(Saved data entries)
_____
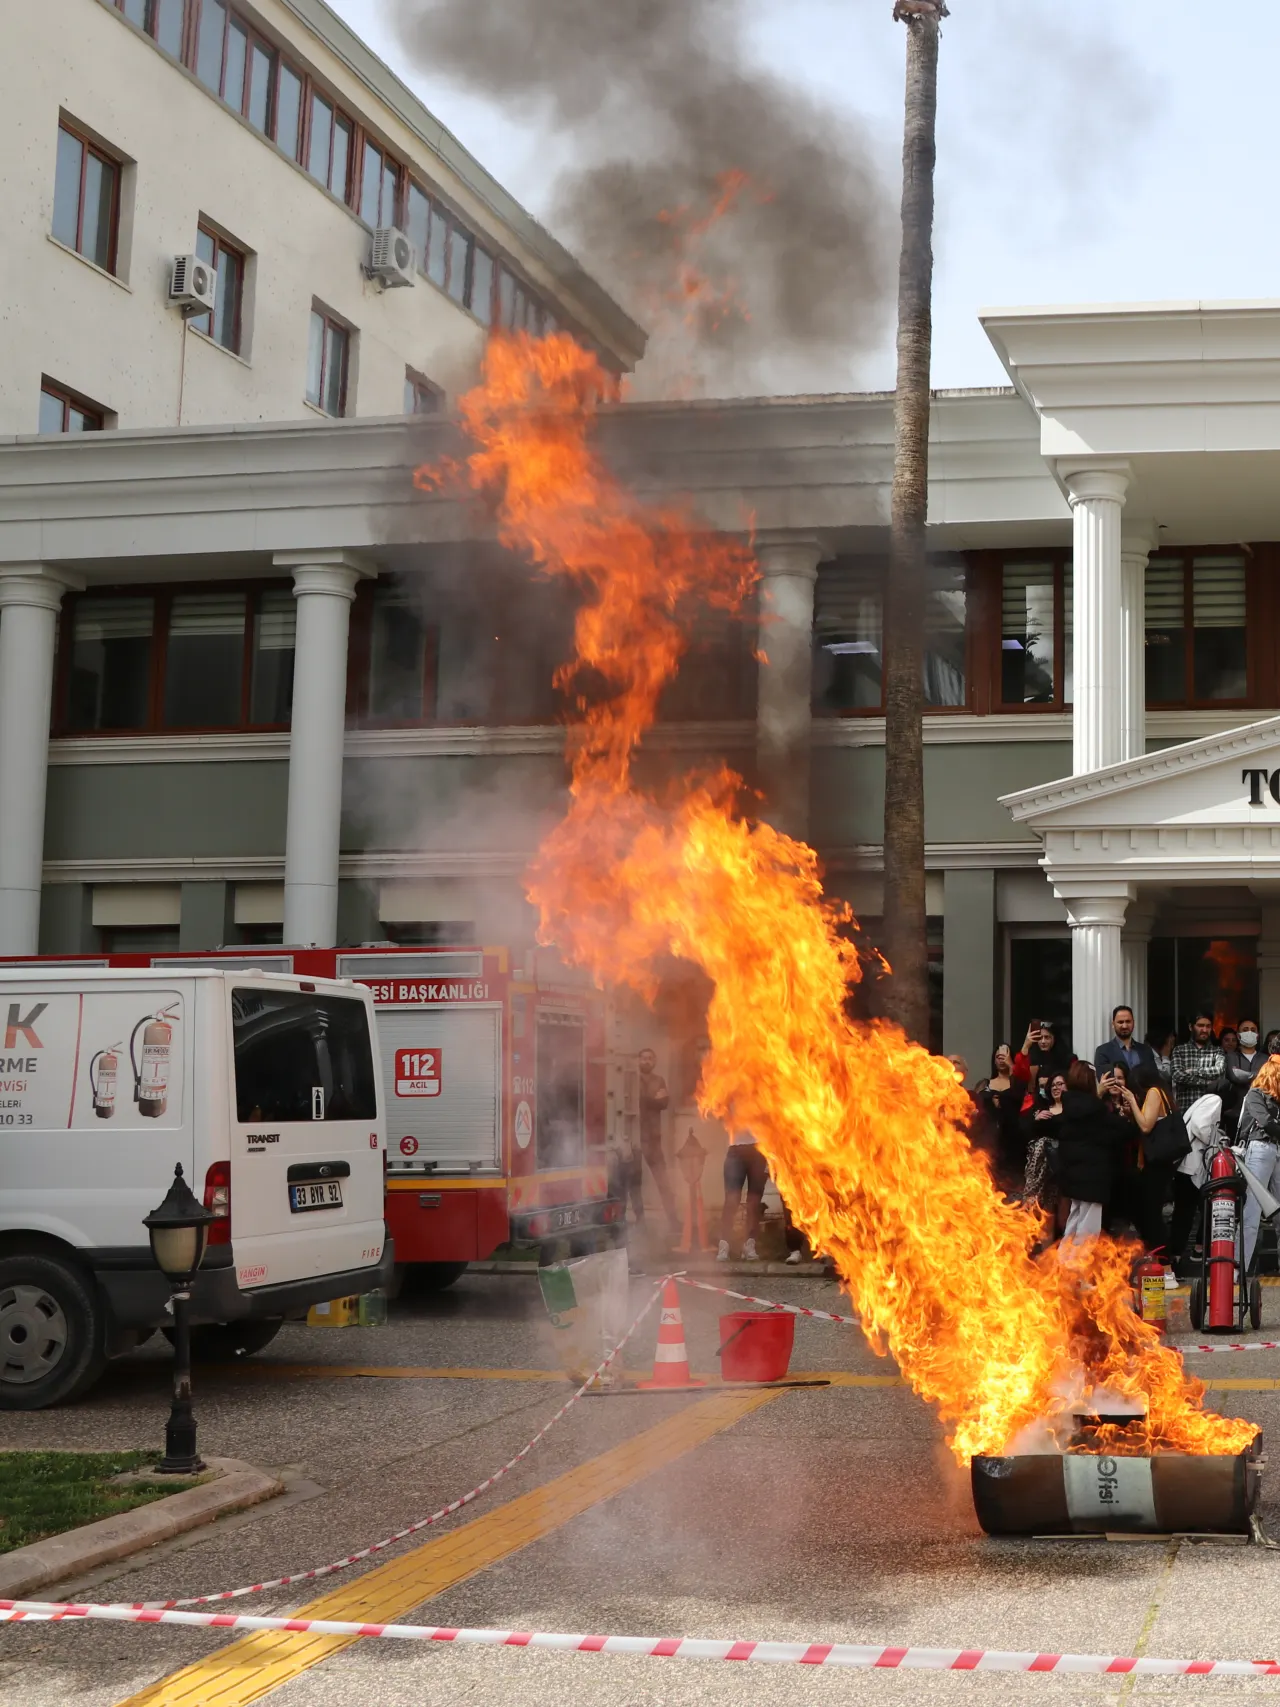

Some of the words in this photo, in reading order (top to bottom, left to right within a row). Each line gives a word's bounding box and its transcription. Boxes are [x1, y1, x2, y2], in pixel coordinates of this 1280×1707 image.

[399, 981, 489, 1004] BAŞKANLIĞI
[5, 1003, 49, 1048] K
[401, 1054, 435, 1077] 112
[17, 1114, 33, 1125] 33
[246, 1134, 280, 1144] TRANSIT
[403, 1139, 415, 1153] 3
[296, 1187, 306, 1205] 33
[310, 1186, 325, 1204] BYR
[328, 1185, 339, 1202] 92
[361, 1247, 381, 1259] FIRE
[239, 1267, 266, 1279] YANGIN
_____
WHAT YOU WILL DO = Omit every picture, and otherwise quote the entries exactly.

SOLUTION TO THIS EXERCISE =
Some of the words in this photo, in reading order (top to bottom, left to right within a row). Each line gives a word's bounding box and its transcription. Boxes are [x1, y1, x2, y2], in pixel coordinates of this 1280×1707 image.

[399, 981, 489, 1004] BAŞKANLIĞI
[5, 1003, 49, 1048] K
[401, 1054, 435, 1077] 112
[17, 1114, 33, 1125] 33
[246, 1134, 280, 1144] TRANSIT
[403, 1139, 415, 1153] 3
[296, 1187, 306, 1205] 33
[310, 1186, 325, 1204] BYR
[328, 1185, 339, 1202] 92
[361, 1247, 381, 1259] FIRE
[239, 1267, 266, 1279] YANGIN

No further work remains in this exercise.